◆ Material for the task ◆

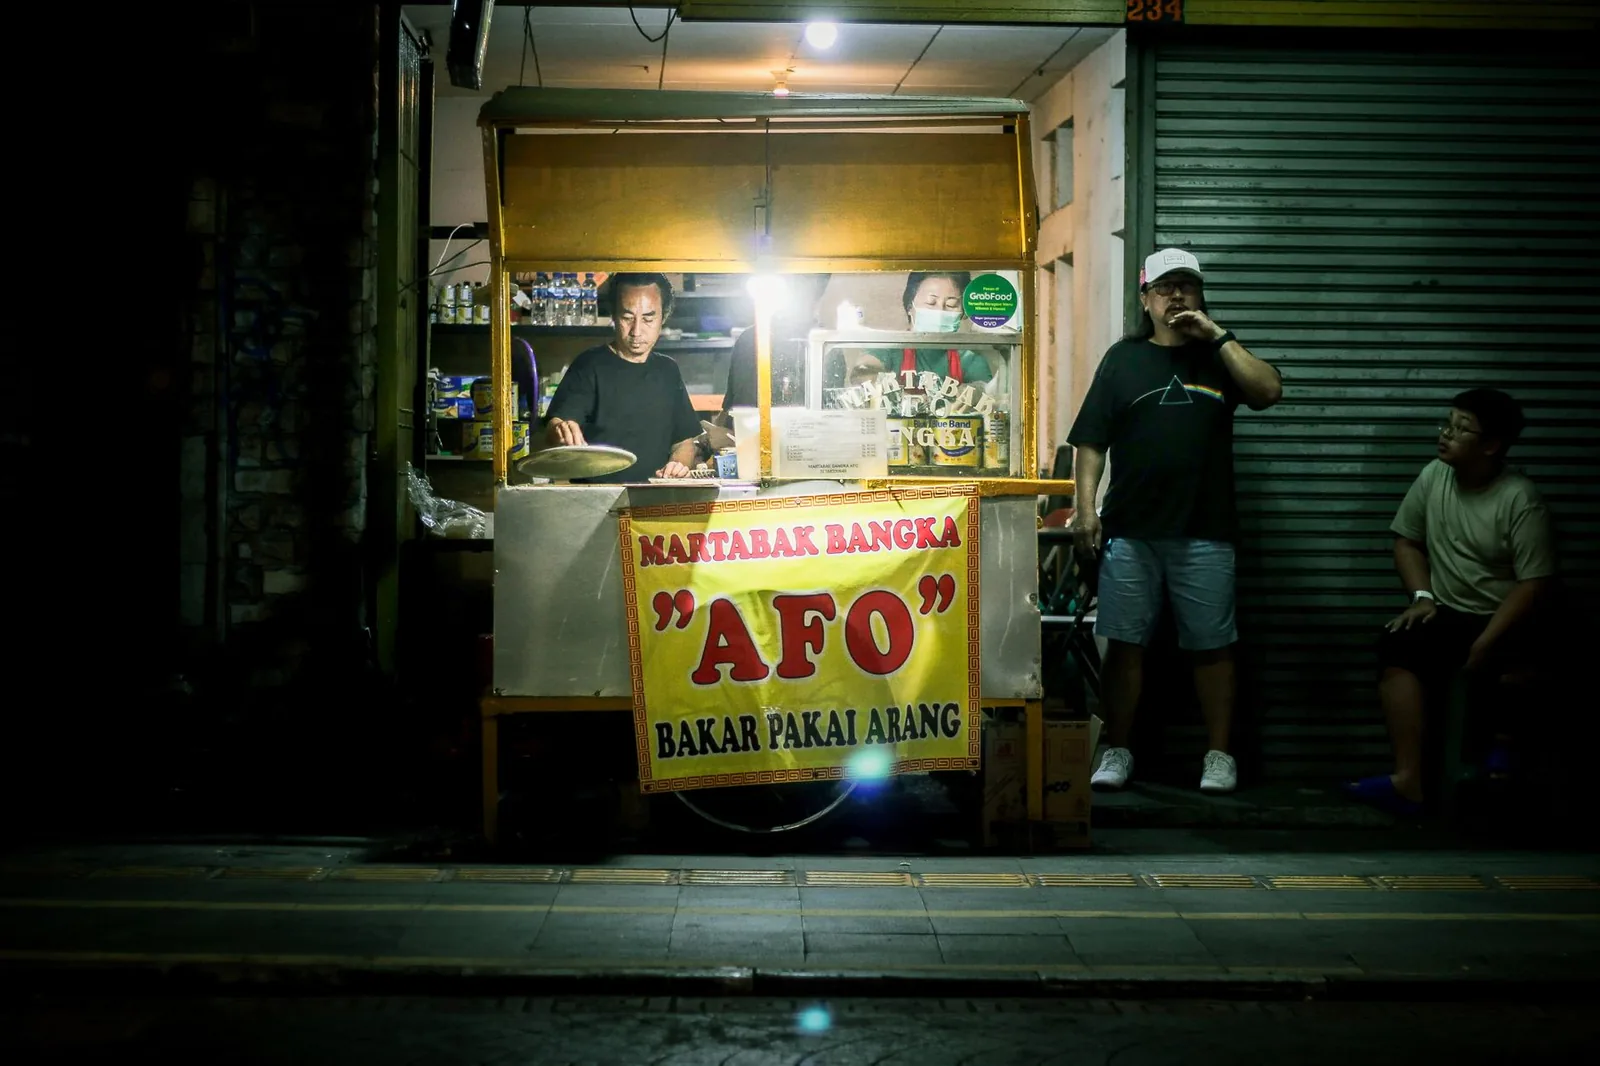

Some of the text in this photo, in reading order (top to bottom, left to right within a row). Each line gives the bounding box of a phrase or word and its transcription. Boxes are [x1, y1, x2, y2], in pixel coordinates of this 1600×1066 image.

[1128, 0, 1181, 21] 234
[969, 292, 1013, 301] GrabFood
[932, 420, 971, 428] Blue Band
[638, 516, 961, 567] MARTABAK BANGKA
[655, 702, 961, 759] BAKAR PAKAI ARANG
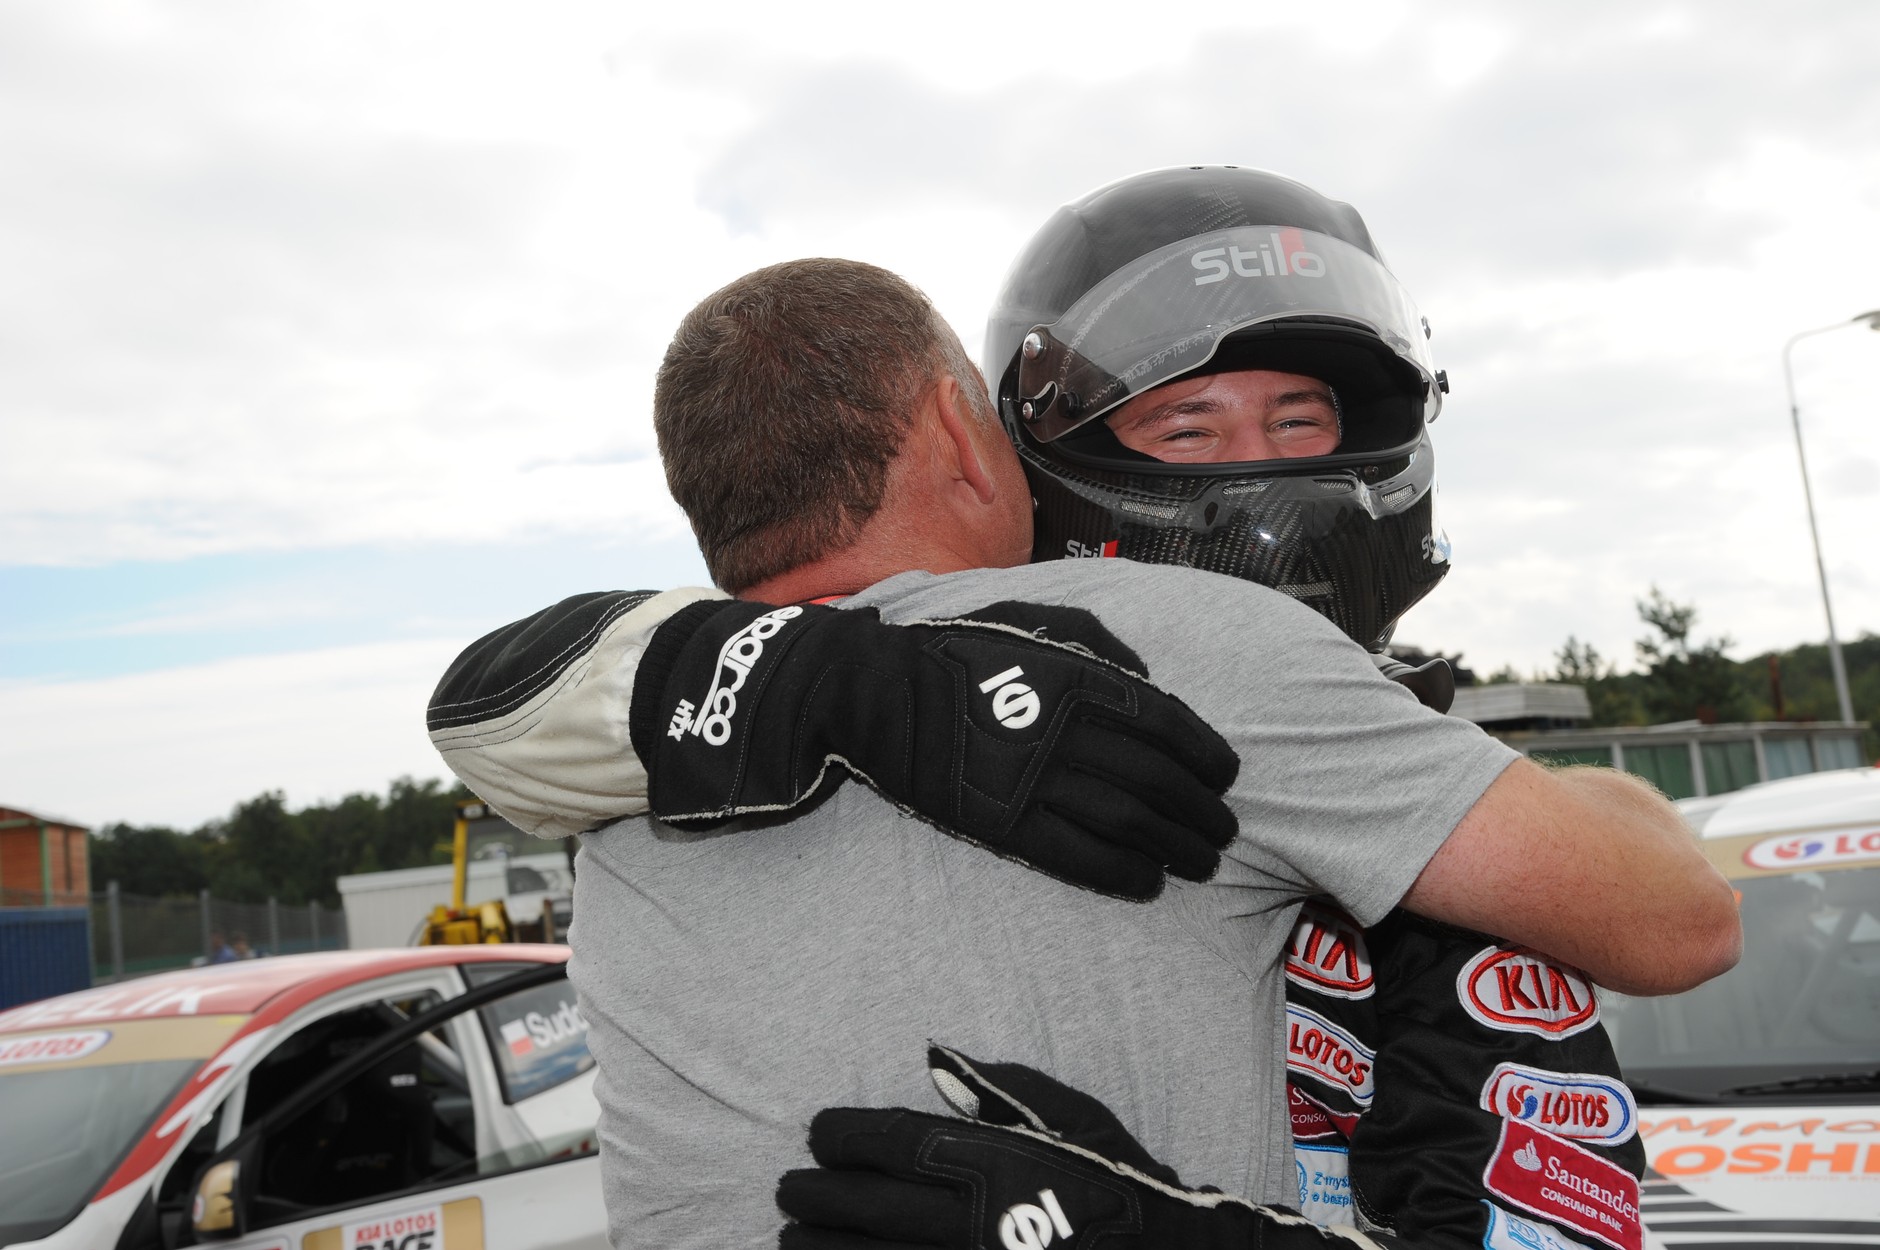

◆ Exercise ◆
What is needed is an exact printout of all the entries, without the pictures.

◆ Answer space ◆
Some of the text in this photo, in reading order (top to bottom, left to right within a row). Each line gives the bounding box of a phrase or word and its transcription. Boxes are [x1, y1, x2, y2], in pixel coordinates of this 1600×1066 image.

[1128, 0, 1181, 21] 234
[969, 292, 1013, 301] GrabFood
[932, 420, 971, 428] Blue Band
[638, 516, 961, 567] MARTABAK BANGKA
[655, 702, 961, 759] BAKAR PAKAI ARANG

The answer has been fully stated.